[Collected data]
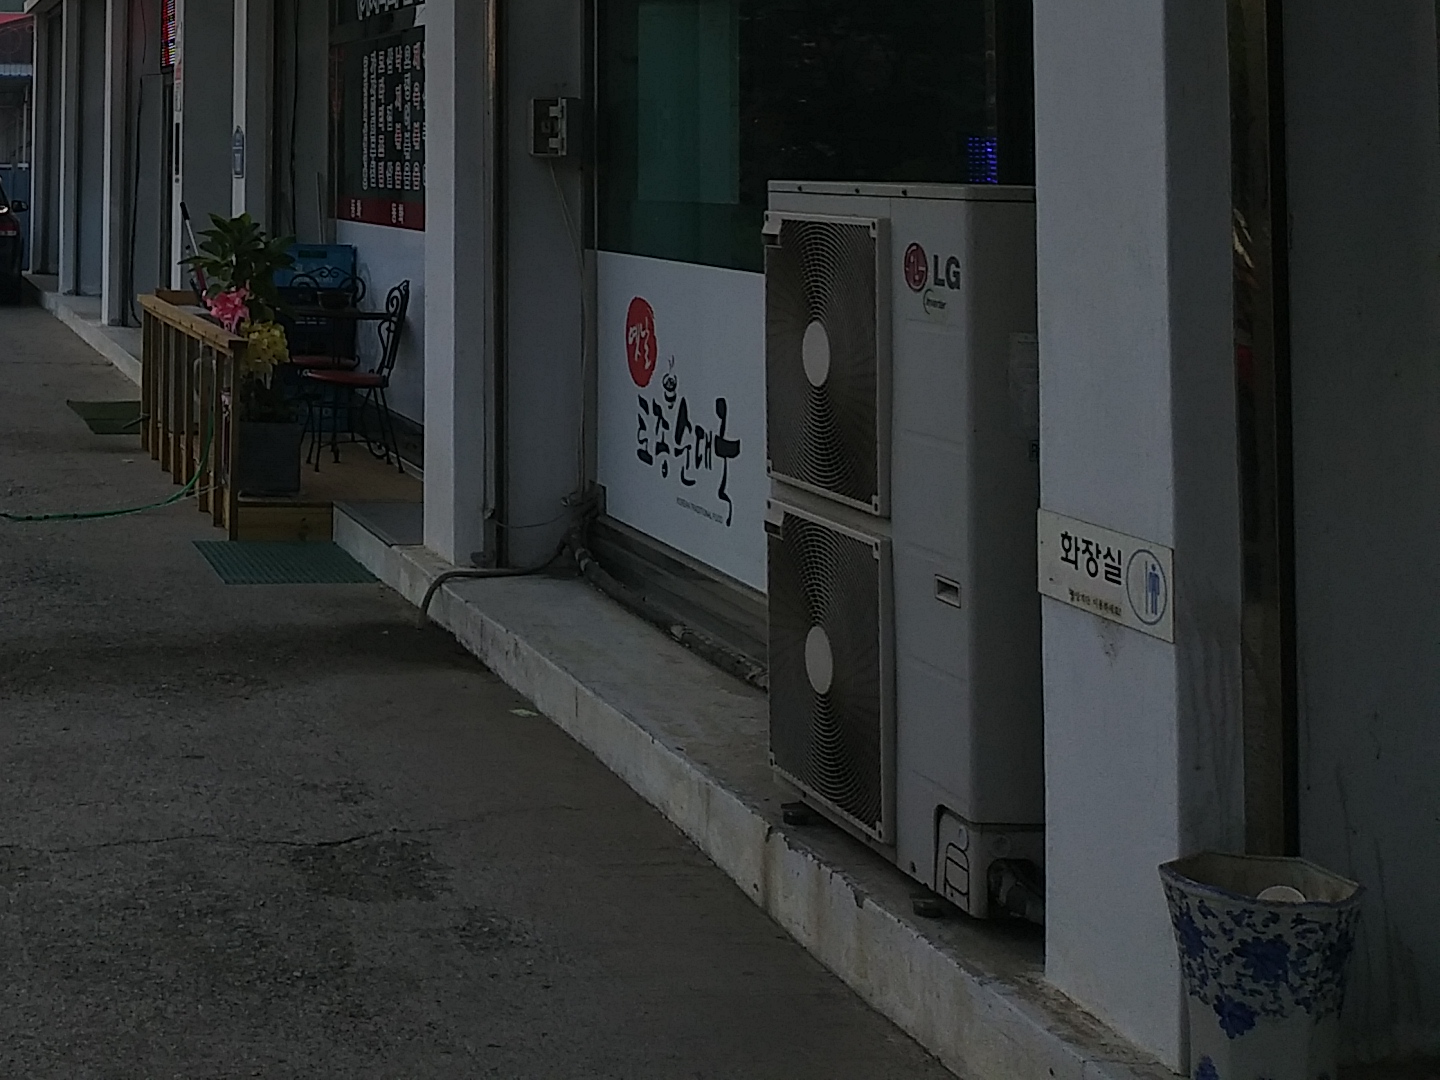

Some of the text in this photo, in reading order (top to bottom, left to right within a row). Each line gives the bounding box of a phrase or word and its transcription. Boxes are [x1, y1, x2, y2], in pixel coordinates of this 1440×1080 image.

[933, 254, 961, 290] LG
[628, 316, 651, 370] 옛날
[1060, 530, 1122, 586] 화장실
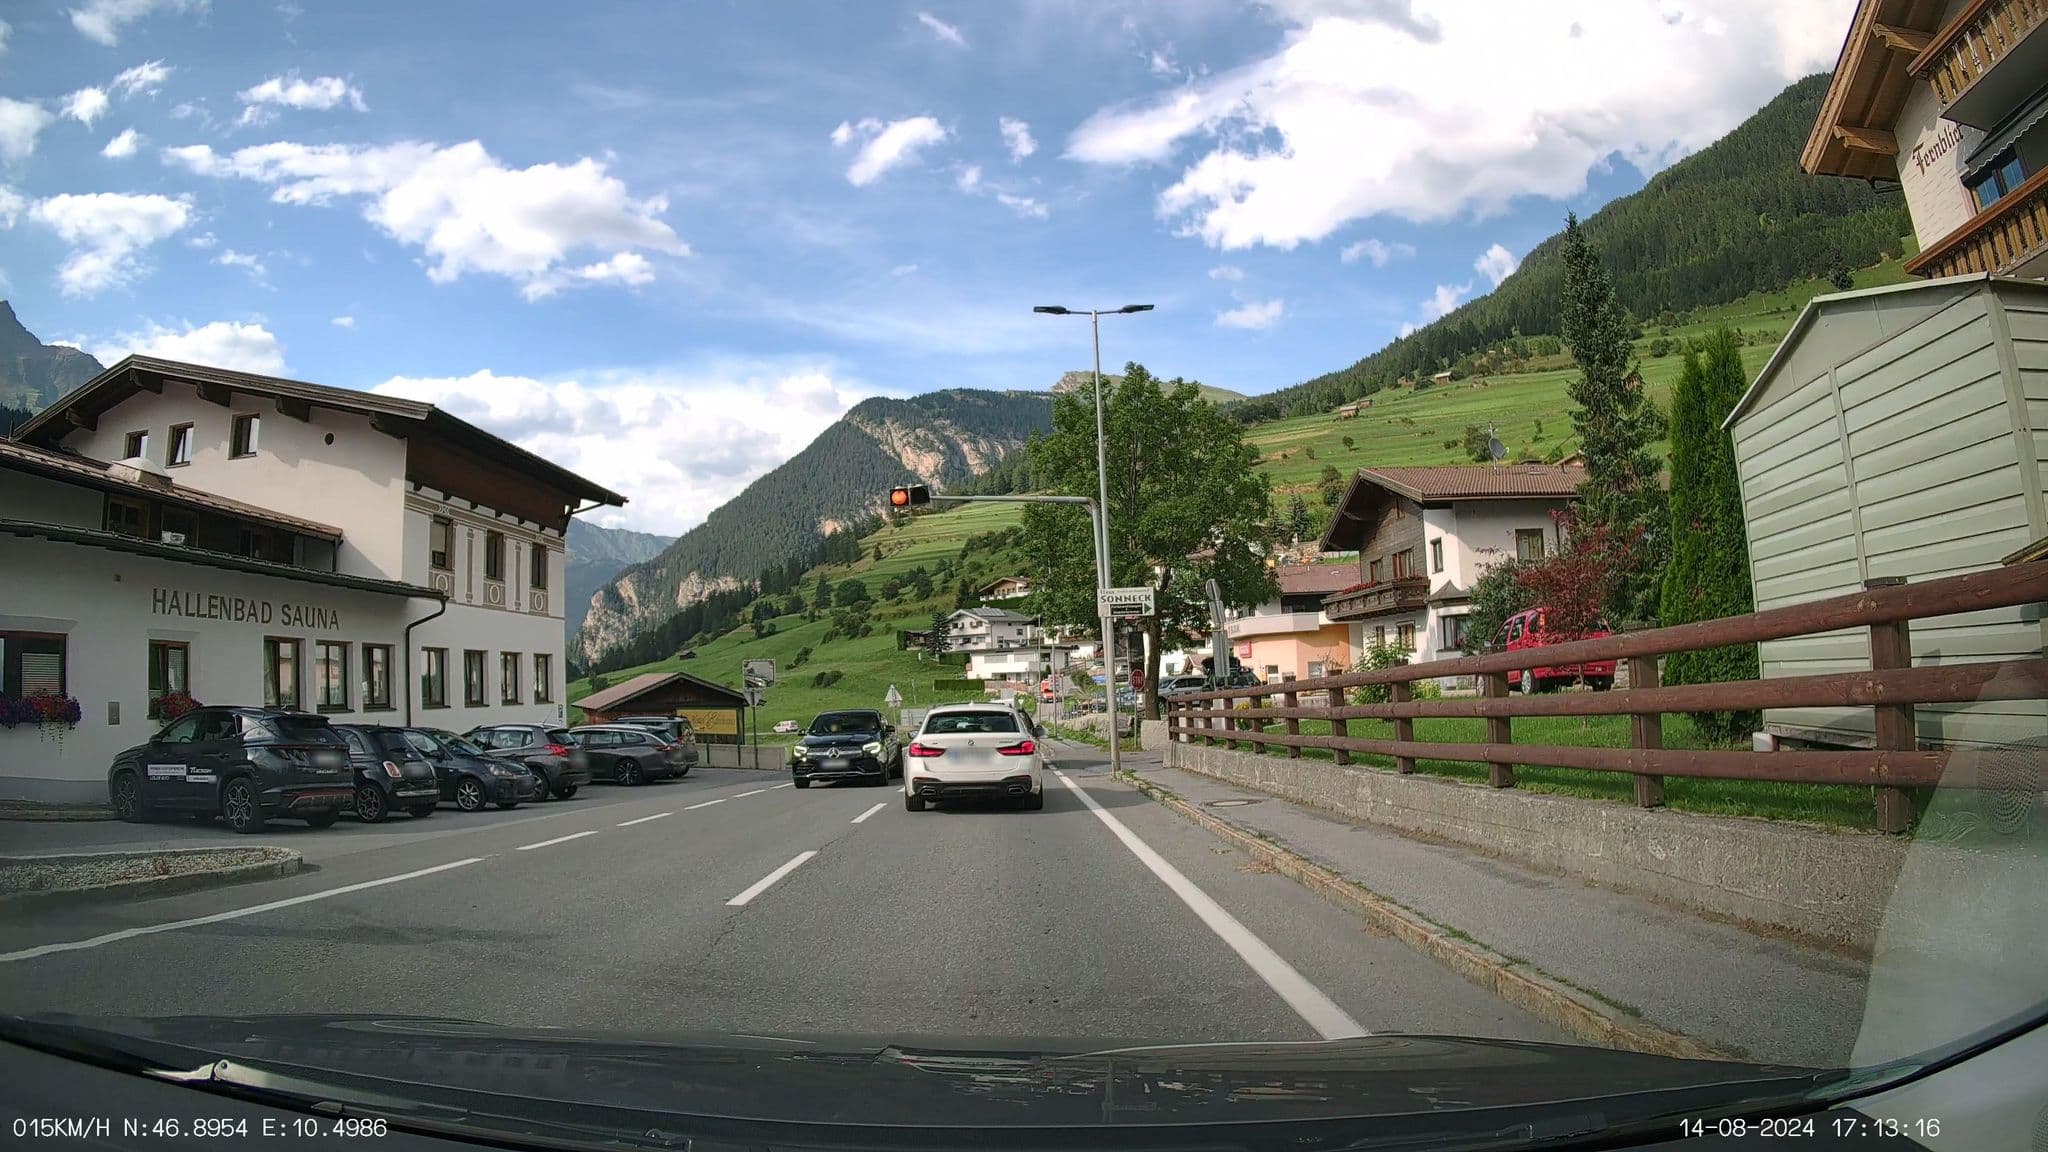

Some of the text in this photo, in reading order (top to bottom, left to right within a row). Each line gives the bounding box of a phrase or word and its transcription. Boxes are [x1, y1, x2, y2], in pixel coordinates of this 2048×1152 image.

[152, 587, 340, 631] HALLENBAD SAUNA
[1100, 594, 1152, 603] SONNECK
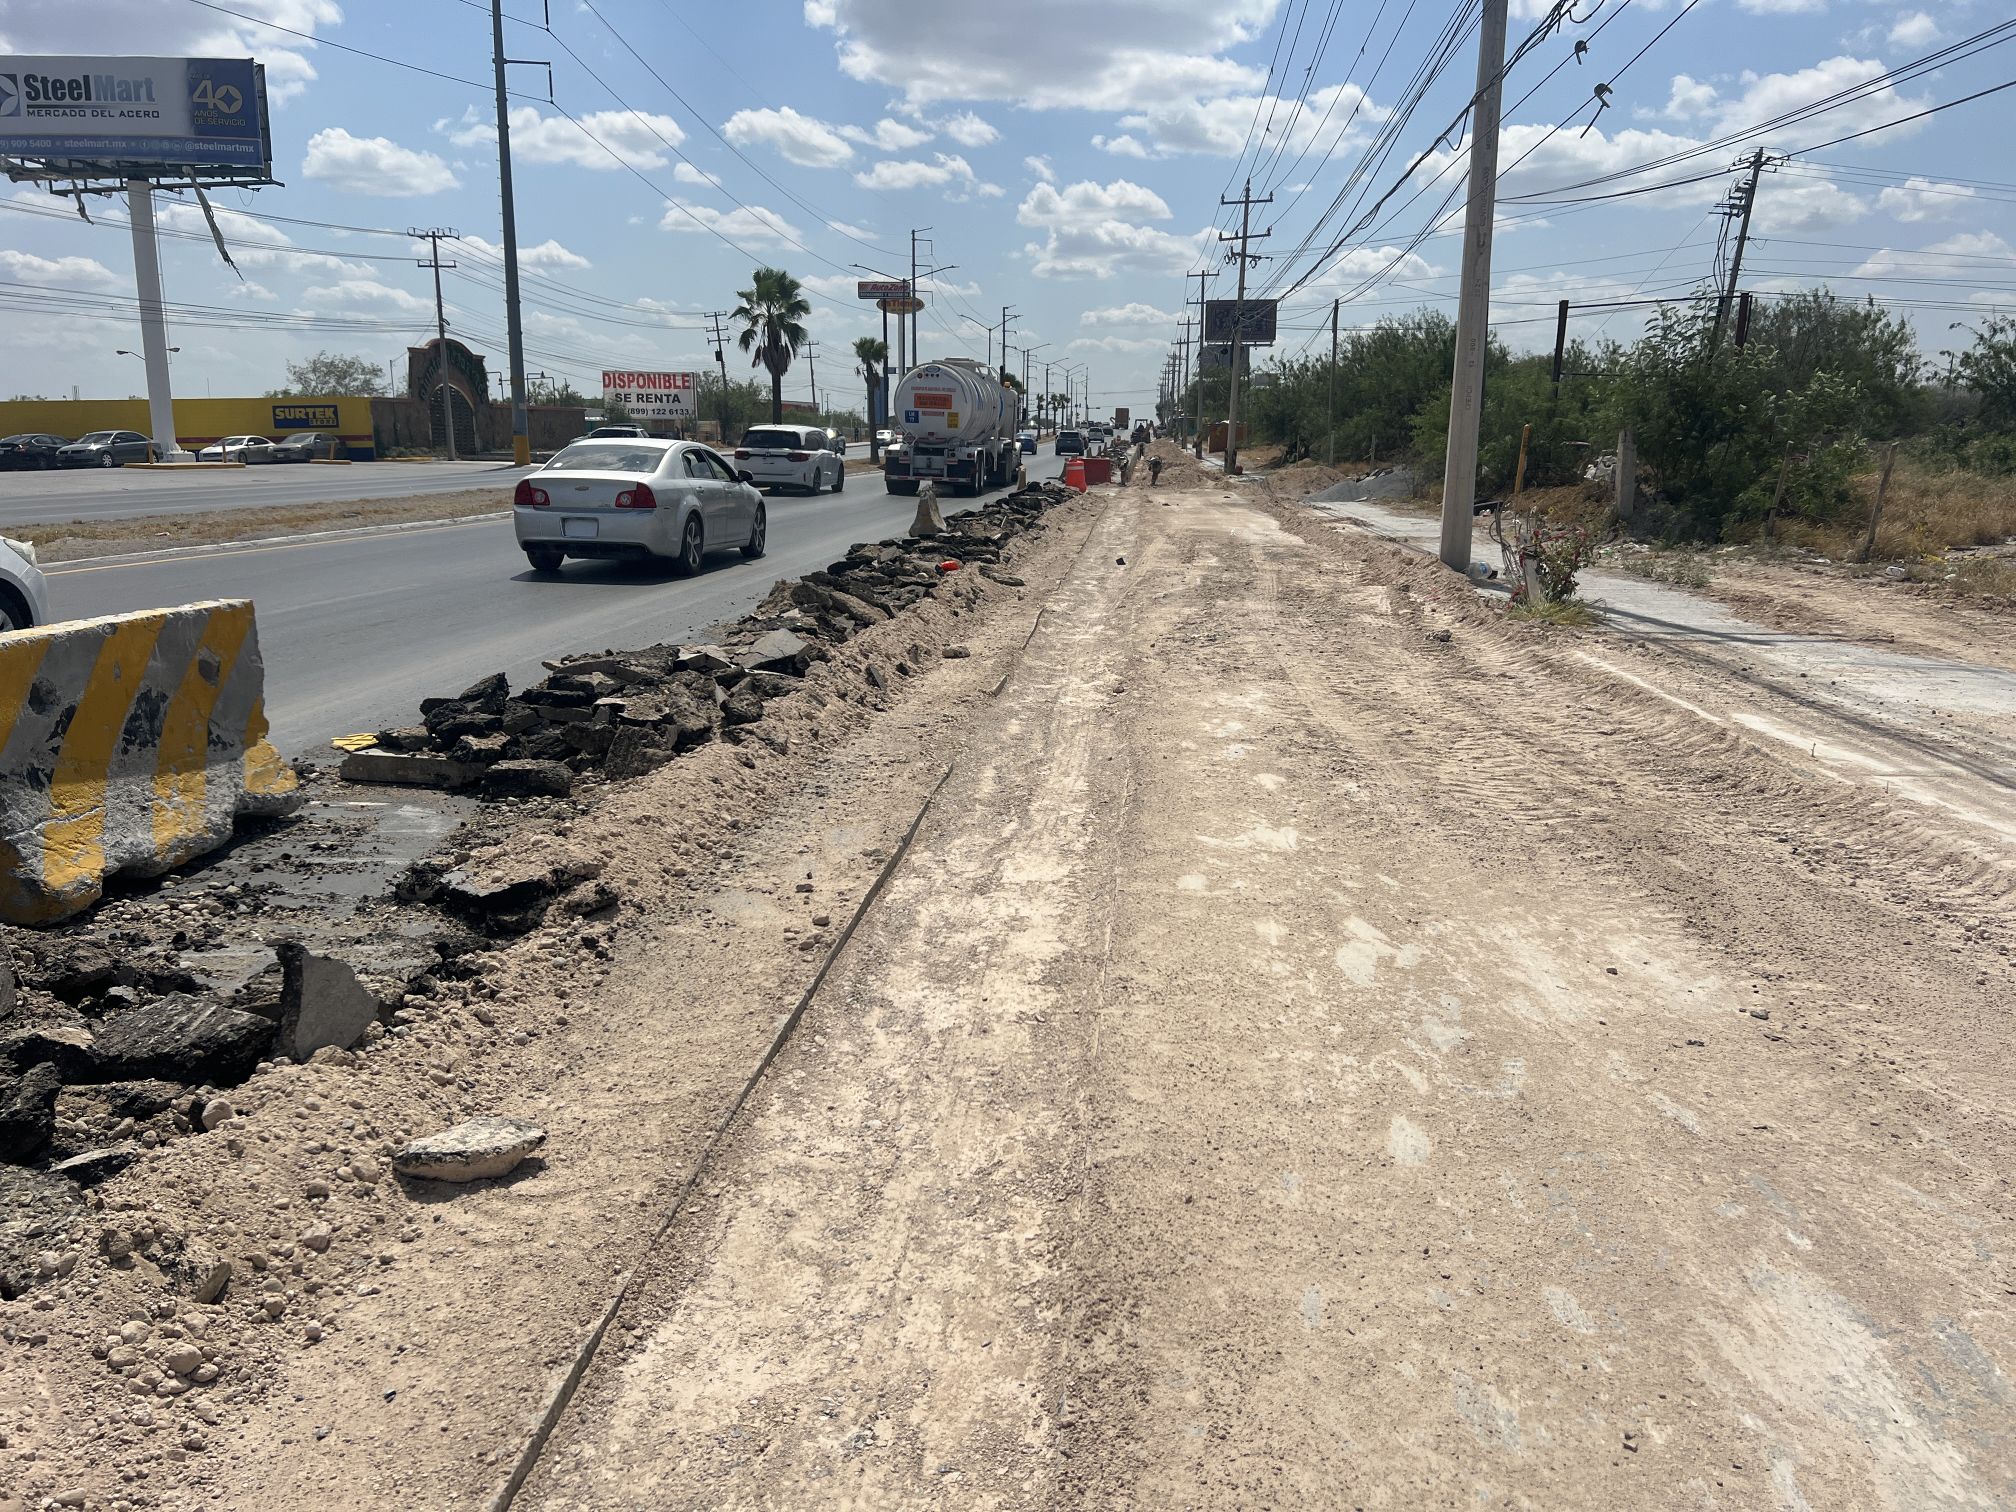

ABOUT THIS EXERCISE: Retype the entries word for word. Omit any images.

EXERCISE RESULT:
Some of the text in this photo, in reading order (top to bottom, left to right within a row). Each line gives the bounding box of a phrase or word and its transcription. Boxes are [x1, y1, x2, y2], in pixel coordinates of this 1440×1080 image.

[933, 254, 961, 290] LG
[628, 316, 651, 370] 옛날
[1060, 530, 1122, 586] 화장실

Some of the text in this photo, in reading order (top to bottom, left to right within a row). Each line gives the bounding box of a phrase or word and its transcription. Boxes are [x1, y1, x2, y2], in pixel coordinates of this 2048×1152 image.

[152, 587, 340, 631] HALLENBAD SAUNA
[1100, 594, 1152, 603] SONNECK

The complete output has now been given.